→ Work task
Repeat each entry verbatim.

→ Exercise data
++++++

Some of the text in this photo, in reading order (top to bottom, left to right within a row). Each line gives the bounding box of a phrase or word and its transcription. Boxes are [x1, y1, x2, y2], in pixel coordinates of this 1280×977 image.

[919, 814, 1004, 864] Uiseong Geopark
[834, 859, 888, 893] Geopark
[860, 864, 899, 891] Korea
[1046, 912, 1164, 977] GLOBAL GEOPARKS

++++++

→ Solution for this exercise
Some of the text in this photo, in reading order (top to bottom, left to right within a row). Each line gives the bounding box of a phrase or word and its transcription. Boxes are [x1, y1, x2, y2], in pixel coordinates of this 1280×977 image.

[919, 814, 1004, 864] Uiseong Geopark
[834, 859, 888, 893] Geopark
[860, 864, 899, 891] Korea
[1046, 912, 1164, 977] GLOBAL GEOPARKS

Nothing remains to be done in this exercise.